The name leucine comes from the Greek word leukos, meaning "white," chosen because the crystals Braconnot collected were white. That detail matters for our story for a simple reason: it means "leucine" was named for how it looked, long before anyone understood its molecular structure or could tell one leucine-like crystal from another. For most of the nineteenth century, "leucine" was treated as a single, well-known substance — one of the staple amino acids that turned up whenever a protein was broken down. No one yet suspected that what they were calling leucine might actually be a mixture.
This is the quiet backdrop against which isoleucine would eventually be found. The tools to separate very similar molecules — careful fractional distillation and crystallisation — were still maturing, and substances that differed only subtly in shape were easy to mistake for one another. Isoleucine is exactly such a case: a molecule so close to leucine that it hid inside it, in plain sight, for the better part of a century.
A Puzzle in Purified Leucine
The first sign that something was off came from one of the giants of the field. Around 1901, the great German chemist Emil Fischer — who would win the Nobel Prize in Chemistry the following year for his work on sugars and proteins, and who did more than anyone to establish how amino acids link together into peptide chains — ran into trouble while purifying leucine. As he separated his leucine fractions by distillation, the material would not resolve into a single, consistent product the way a pure compound should.
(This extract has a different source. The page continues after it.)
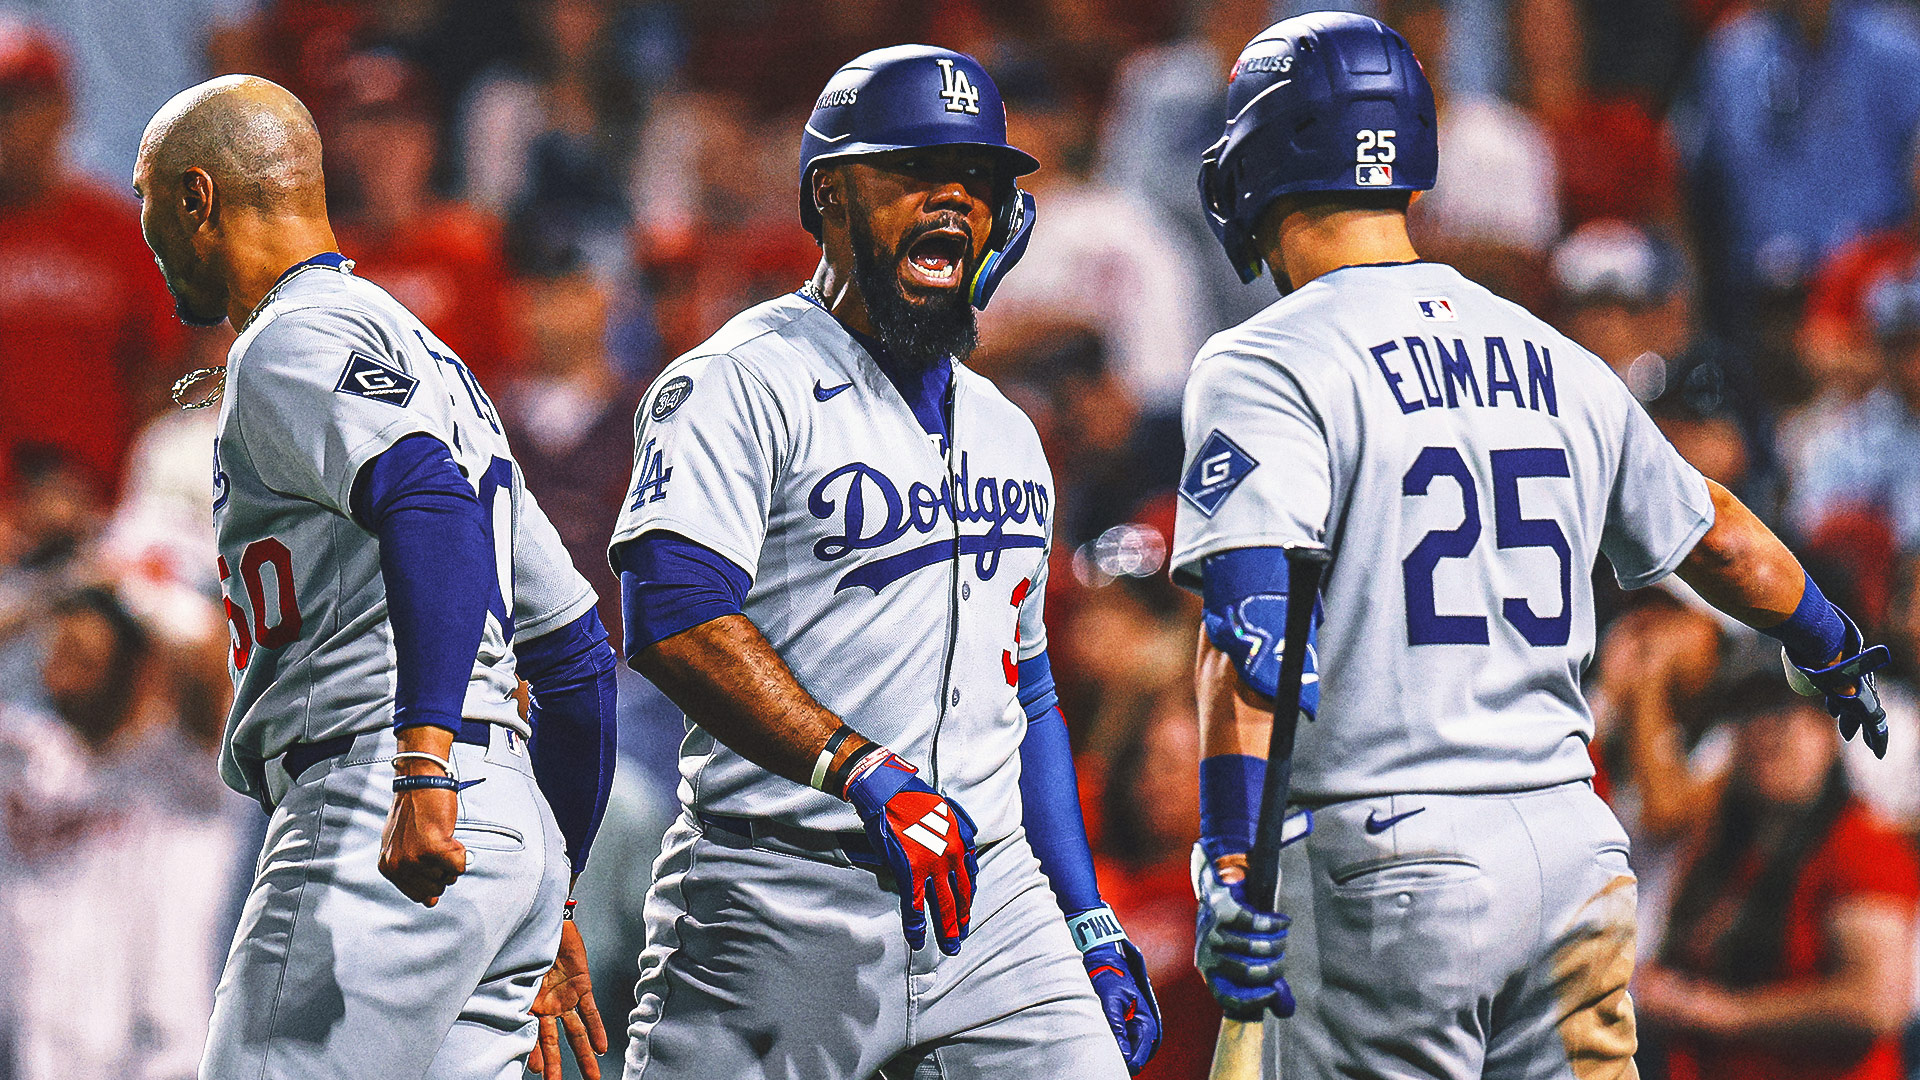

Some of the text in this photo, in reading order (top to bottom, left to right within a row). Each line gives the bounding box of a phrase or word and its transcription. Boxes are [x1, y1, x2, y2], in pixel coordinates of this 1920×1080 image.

Something else appeared to be present, shadowing the leucine and resisting a clean separation.
This kind of stubbornness is exactly what a chemist sees when a sample is not one substance but two very similar ones blended together. Fischer documented the difficulty, but the explanation — the identity of the hidden companion — was not yet his to give. The puzzle had been clearly posed: the long-familiar "leucine" from natural proteins seemed to contain a near-identical impurity that nineteenth-century methods had never managed to pull apart.
It is worth pausing on how ordinary, and how human, this moment was. There was no dramatic eureka, just an experienced chemist noticing that a routine purification would not come out clean, and being honest enough to record the anomaly rather than ignore it. That recorded anomaly is what set the stage for the discovery that followed two years later.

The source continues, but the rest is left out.